To resolve this I have moved to a per-cpu logic for maintaining a unsigned
long containing some amount of bits, and an offset value for which bit we
can use for entropy with each call.
Reviewed-by: Dan Williams <[email protected]>
Signed-off-by: Alexander Duyck <[email protected]>
---
mm/shuffle.c | 33 +++++++++++++++++++++++----------
1 file changed, 23 insertions(+), 10 deletions(-)
diff --git a/mm/shuffle.c b/mm/shuffle.c
index 3ce12481b1dc..9ba542ecf335 100644
--- a/mm/shuffle.c
+++ b/mm/shuffle.c
@@ -183,25 +183,38 @@ void __meminit __shuffle_free_memory(pg_data_t *pgdat)
shuffle_zone(z);
}
+struct batched_bit_entropy {
+ unsigned long entropy_bool;
+ int position;
+};
+
+static DEFINE_PER_CPU(struct batched_bit_entropy, batched_entropy_bool);
+
void add_to_free_area_random(struct page *page, struct free_area *area,
int migratetype)
{
- static u64 rand;
- static u8 rand_bits;
+ struct batched_bit_entropy *batch;
+ unsigned long entropy;
+ int position;
/*
- * The lack of locking is deliberate. If 2 threads race to
- * update the rand state it just adds to the entropy.

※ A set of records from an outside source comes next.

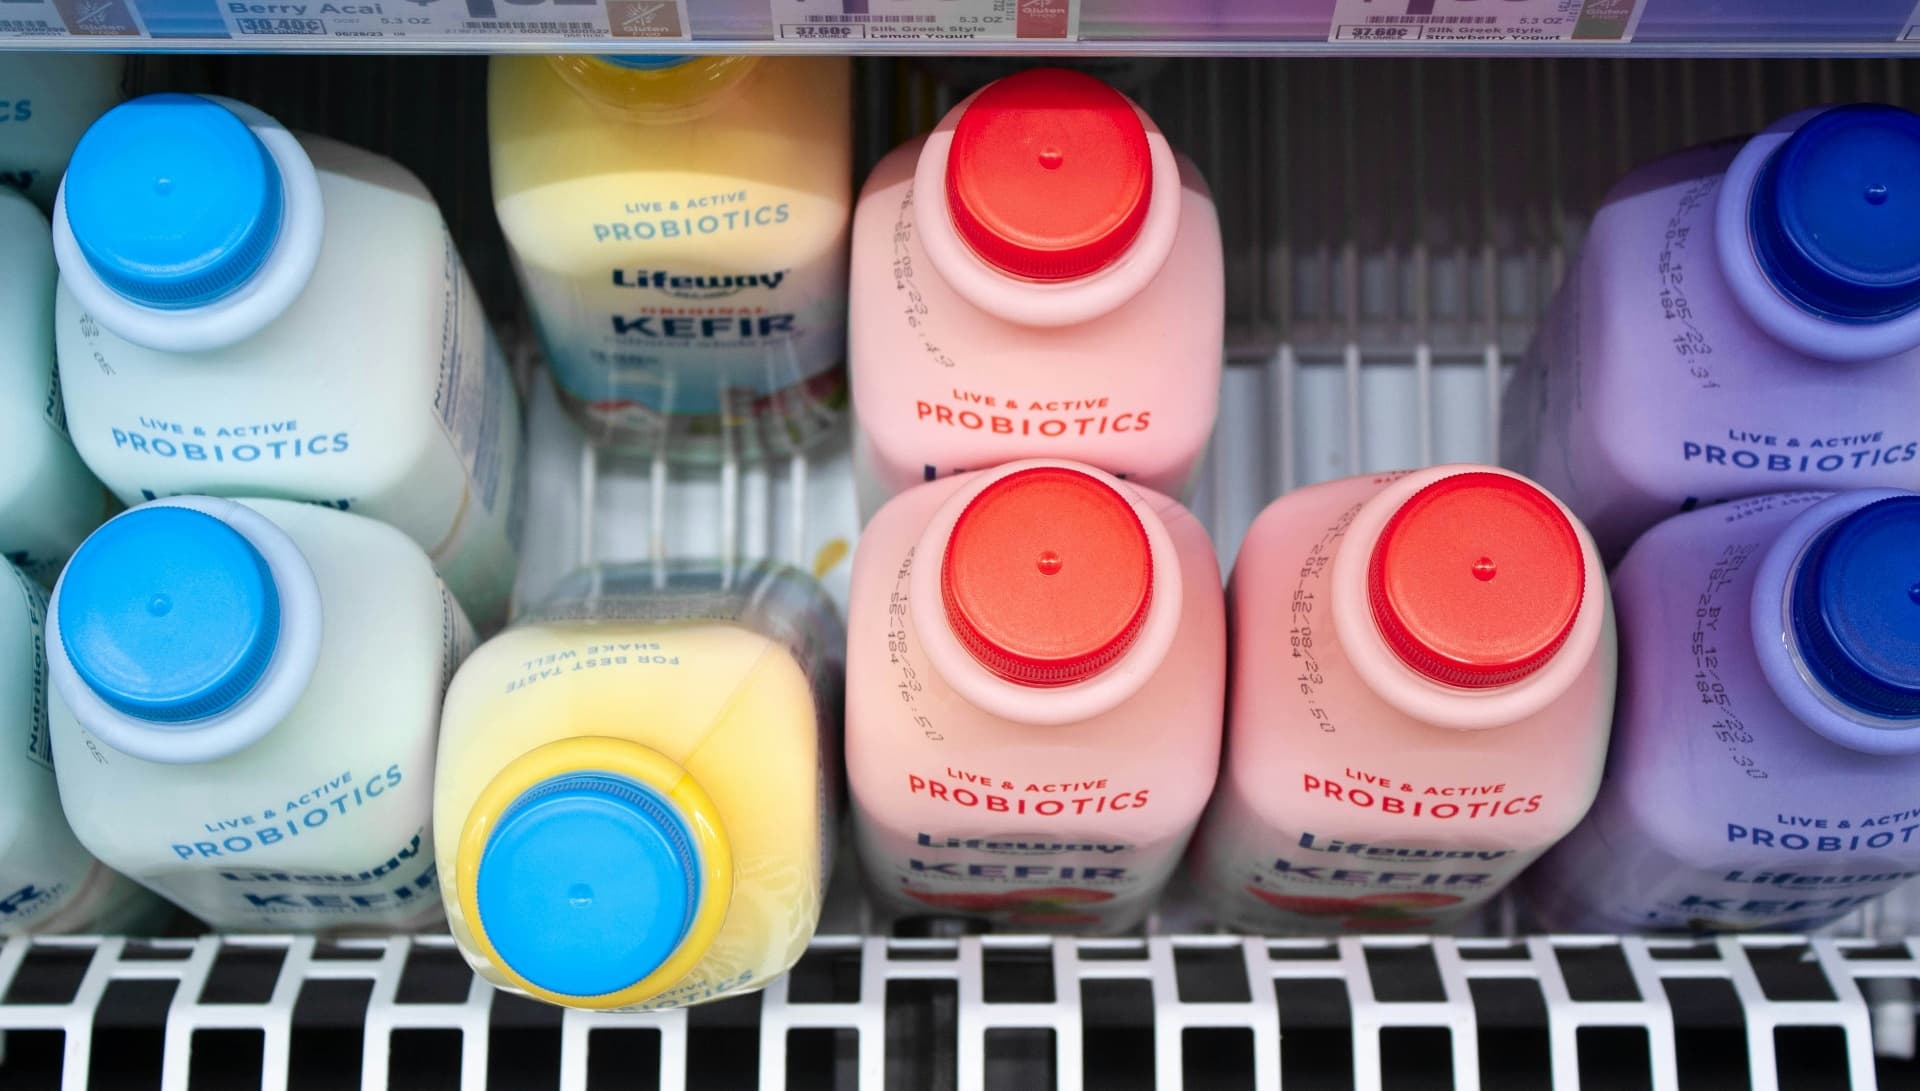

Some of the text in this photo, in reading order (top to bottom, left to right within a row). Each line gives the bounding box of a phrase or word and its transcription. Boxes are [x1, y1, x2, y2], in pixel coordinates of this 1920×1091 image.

[227, 3, 306, 15] Berry
[320, 3, 383, 14] Acai
[796, 27, 852, 35] 37.60¢
[1352, 28, 1408, 36] 37.60¢
[625, 191, 748, 214] LIVE & ACTIVE
[593, 204, 790, 242] PROBIOTICS
[612, 269, 784, 289] Lifeway
[612, 314, 796, 338] KEFIR
[953, 388, 1109, 412] LIVE & ACTIVE
[140, 416, 297, 437] LIVE & ACTIVE
[917, 400, 1151, 438] PROBIOTICS
[112, 427, 349, 462] PROBIOTICS
[1729, 429, 1884, 448] LIVE & ACTIVE
[1683, 441, 1918, 473] PROBIOTICS
[1311, 556, 1329, 578] BY
[1706, 607, 1722, 631] BY
[896, 594, 923, 692] 12/08/23
[1301, 593, 1324, 685] 12/08/23
[523, 642, 661, 670] SHAKE WELL
[505, 655, 680, 694] FOR BEST TASTE
[29, 634, 41, 754] Nutrition
[1296, 675, 1336, 734] 16:50
[1704, 648, 1754, 745] 12/05/23
[947, 767, 1109, 793] LIVE & ACTIVE
[1346, 767, 1506, 797] LIVE & ACTIVE
[205, 771, 353, 833] LIVE & ACTIVE
[909, 774, 1150, 816] PROBIOTICS
[1304, 773, 1544, 819] PROBIOTICS
[172, 764, 403, 860] PROBIOTICS
[1777, 814, 1828, 829] LIVE
[1837, 820, 1851, 829] &
[917, 832, 1126, 854] Lifeway
[1298, 832, 1514, 861] Lifeway
[1727, 823, 1920, 852] PROBIOT
[909, 858, 1127, 880] KEFIR
[1274, 858, 1492, 886] KEFIR

+ * We shouldn't need to disable IRQs as the only caller is
+ * __free_one_page and it should only be called with the zone lock
+ * held and either from IRQ context or with local IRQs disabled.
*/
- if (rand_bits == 0) {
- rand_bits = 64;
- rand = get_random_u64();
+ batch = raw_cpu_ptr(&batched_entropy_bool);
+ position = batch->position;
+
+ if (--position < 0) {
+ batch->entropy_bool = get_random_long();
+ position = BITS_PER_LONG - 1;
}
- if (rand & 1)
+ batch->position = position;
+ entropy = batch->entropy_bool;
+
+ if (1ul & (entropy >> position))
add_to_free_area(page, area, migratetype);
else
add_to_free_area_tail(page, area, migratetype);
- rand_bits--;
- rand >>= 1;
}
On Sat, Sep 07, 2019 at 10:25:12AM -0700, Alexander Duyck wrote:
> From: Alexander Duyck <[email protected]>
>
> Change the logic used to generate randomness in the suffle path so that we
Typo.
> can avoid cache line bouncing. The previous logic was sharing the offset
> and entropy word between all CPUs. As such this can result in cache line
> bouncing and will ultimately hurt performance when enabled.
>
> To resolve this I have moved to a per-cpu logic for maintaining a unsigned
> long containing some amount of bits, and an offset value for which bit we
> can use for entropy with each call.
>
> Reviewed-by: Dan Williams <[email protected]>
> Signed-off-by: Alexander Duyck <[email protected]>
> ---
> mm/shuffle.c | 33 +++++++++++++++++++++++----------
> 1 file changed, 23 insertions(+), 10 deletions(-)
>
> diff --git a/mm/shuffle.c b/mm/shuffle.c
> index 3ce12481b1dc..9ba542ecf335 100644
> --- a/mm/shuffle.c
> +++ b/mm/shuffle.c
> @@ -183,25 +183,38 @@ void __meminit __shuffle_free_memory(pg_data_t *pgdat)
> shuffle_zone(z);
> }
>
> +struct batched_bit_entropy {
> + unsigned long entropy_bool;
> + int position;
> +};
> +
> +static DEFINE_PER_CPU(struct batched_bit_entropy, batched_entropy_bool);
> +
> void add_to_free_area_random(struct page *page, struct free_area *area,
> int migratetype)
> {
> - static u64 rand;
> - static u8 rand_bits;
> + struct batched_bit_entropy *batch;
> + unsigned long entropy;
> + int position;
>
> /*
> - * The lack of locking is deliberate. If 2 threads race to
> - * update the rand state it just adds to the entropy.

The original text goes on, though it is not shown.